How Reliable is Your Simulator? Analysis on the Limitations of Current LLM-based User Simulators for Conversational Recommendation

Conversational Recommender System (CRS) interacts with users through natural language to understand their preferences and provide personalized recommendations in real-time. CRS has demonstrated significant potential, prompting researchers to address the development of more realistic and reliable user simulators as a key focus. Recently, the capabilities of Large Language Models (LLMs) have attracted a lot of attention in various fields. Simultaneously, efforts are underway to construct user simulators based on LLMs.

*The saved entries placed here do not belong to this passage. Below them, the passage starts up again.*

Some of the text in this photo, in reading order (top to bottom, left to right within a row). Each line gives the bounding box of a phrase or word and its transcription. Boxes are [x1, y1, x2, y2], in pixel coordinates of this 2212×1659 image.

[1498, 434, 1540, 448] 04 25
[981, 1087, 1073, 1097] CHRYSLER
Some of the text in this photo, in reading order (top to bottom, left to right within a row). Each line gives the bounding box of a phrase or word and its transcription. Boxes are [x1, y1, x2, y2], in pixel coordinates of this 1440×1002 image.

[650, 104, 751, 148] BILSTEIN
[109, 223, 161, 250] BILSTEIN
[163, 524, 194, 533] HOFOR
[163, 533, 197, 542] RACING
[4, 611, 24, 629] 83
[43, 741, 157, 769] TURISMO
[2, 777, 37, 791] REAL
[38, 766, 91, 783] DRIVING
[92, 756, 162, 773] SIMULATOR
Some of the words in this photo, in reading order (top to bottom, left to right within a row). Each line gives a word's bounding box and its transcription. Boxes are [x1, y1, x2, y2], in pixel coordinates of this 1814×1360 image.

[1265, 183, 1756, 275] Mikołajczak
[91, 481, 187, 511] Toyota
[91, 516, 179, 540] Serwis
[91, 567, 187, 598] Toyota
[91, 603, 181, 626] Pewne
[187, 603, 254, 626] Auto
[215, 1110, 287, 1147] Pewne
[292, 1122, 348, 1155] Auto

While these works showcase innovation, they also come with certain limitations that require attention. In this work, we aim to analyze the limitations of using LLMs in constructing user simulators for CRS, to guide future research. To achieve this goal, we conduct analytical validation on the notable work, iEvaLM. Through multiple experiments on two widely-used datasets in the field of conversational recommendation, we highlight several issues with the current evaluation methods for user simulators based on LLMs: (1) Data leakage, which occurs in conversational history and the user simulator's replies, results in inflated evaluation results. (2) The success of CRS recommendations depends more on the availability and quality of conversational history than on the responses from user simulators. (3) Controlling the output of the user simulator through a single prompt template proves challenging. To overcome these limitations, we propose SimpleUserSim, employing a straightforward strategy to guide the topic toward the target items. Our study validates the ability of CRS models to utilize the interaction information, significantly improving the recommendation results.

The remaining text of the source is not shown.